From a broader perspective, Nursing Associates must advocate for systemic changes to mitigate stress, such as adequate staffing levels, as outlined in NHS England’s Long Term Plan (2019). While individual strategies are valuable, addressing structural issues remains essential for sustainable stress management.
Conclusion
In summary, this reflective critical account has explored a critical occurrence from my practice as a Nursing Associate, utilising Gibbs’ Reflective Cycle to analyse my approach to prioritisation, management, and delegation. The reflection revealed strengths in adhering to evidence-based guidelines but identified a need for improved delegation skills. Linking the scenario to clinical governance and quality assurance processes underscored the importance of accountability and systemic support in ensuring patient safety. Additionally, examining the role of the Nursing Associate in stress management highlighted the necessity of personal resilience and peer support, alongside advocating for systemic improvements. My key development needs include enhancing delegation skills and engaging more with current research, as outlined in my personal development plan (see Appendix). Addressing these areas will be crucial for my growth as a competent and confident Nursing Associate, ultimately contributing to improved patient care and team dynamics.
References
- Gibbs, G. (1988) Learning by Doing: A Guide to Teaching and Learning Methods. Further Education Unit.
- NHS England (2019) NHS Long Term Plan. NHS England.
- National Institute for Health and Care Excellence (NICE) (2021) Type 2 Diabetes in Adults: Management. NICE Guideline [NG28].
- Nursing and Midwifery Council (NMC) (2018) The Code: Professional Standards of Practice and Behaviour for Nurses, Midwives and Nursing Associates. NMC.
- Resuscitation Council UK (2021) The ABCDE Approach. Resuscitation Guidelines.
- Ross, C.A., Berryman, E.K. and Singer, S. (2019) ‘Peer support in nursing: An intervention to reduce workplace stress’, Journal of Nursing Management, 27(5), pp. 1011-1017.
- Scally, G. and Donaldson, L.J. (1998) ‘Clinical governance and the drive for quality improvement in the new NHS in England’, British Medical Journal, 317(7150), pp. 61-65.
- Smith, A.P., Duggan, M. and Tipton, E. (2011) ‘Mindfulness-based stress reduction in healthcare: A review’, Journal of Occupational Health, 53(2), pp. 89-97.

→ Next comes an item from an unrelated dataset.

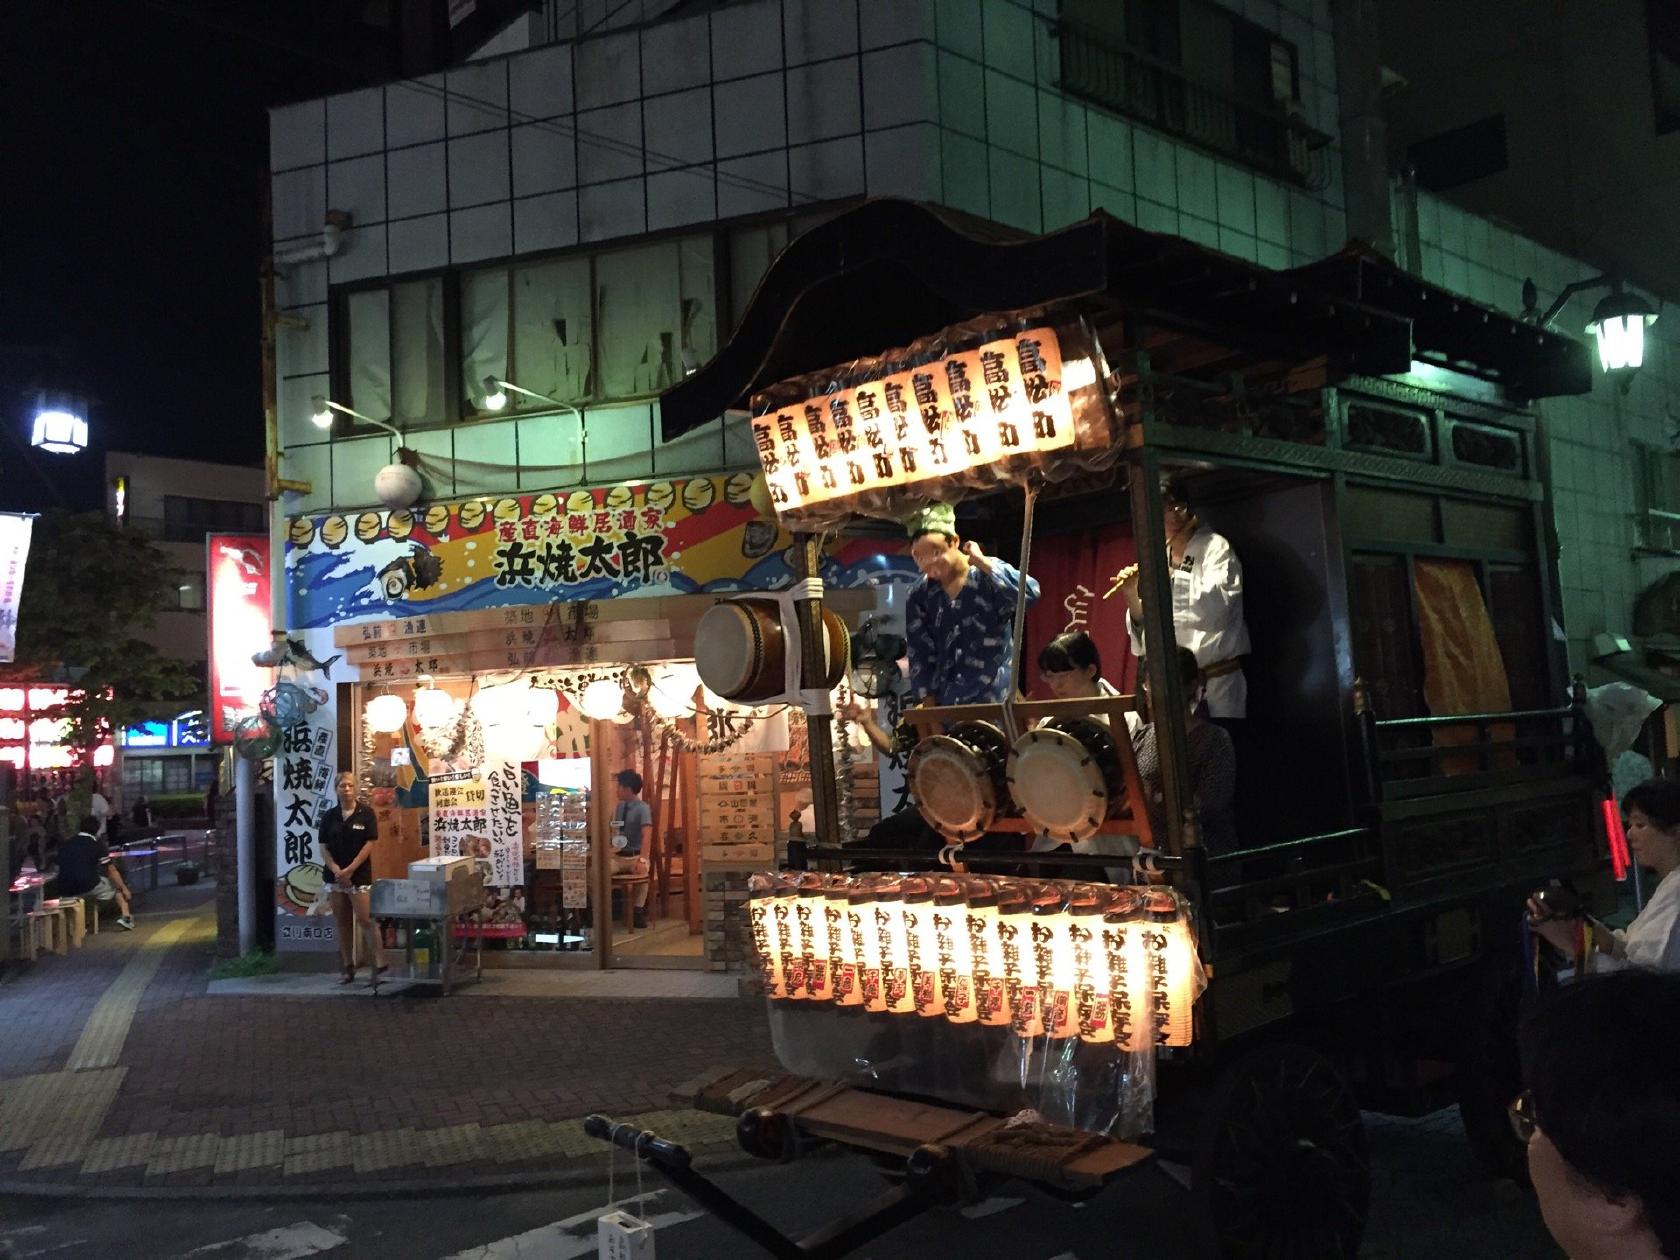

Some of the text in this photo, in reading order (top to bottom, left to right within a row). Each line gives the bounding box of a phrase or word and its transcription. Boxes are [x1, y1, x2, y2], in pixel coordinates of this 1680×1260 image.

Appendix: Formative Personal Development Plan
The personal development plan outlines specific goals to address the development needs identified in this reflection. Firstly, I aim to improve delegation skills by attending a workshop on leadership and team management within the next six months, supported by mentorship from a senior colleague. Secondly, to enhance engagement with current research, I will commit to reading one peer-reviewed article per week and discussing findings with my tutor during monthly supervision sessions. Lastly, to strengthen stress identification in self and others, I plan to complete an online course on emotional intelligence within three months. Progress on these goals will be reviewed quarterly to ensure ongoing development.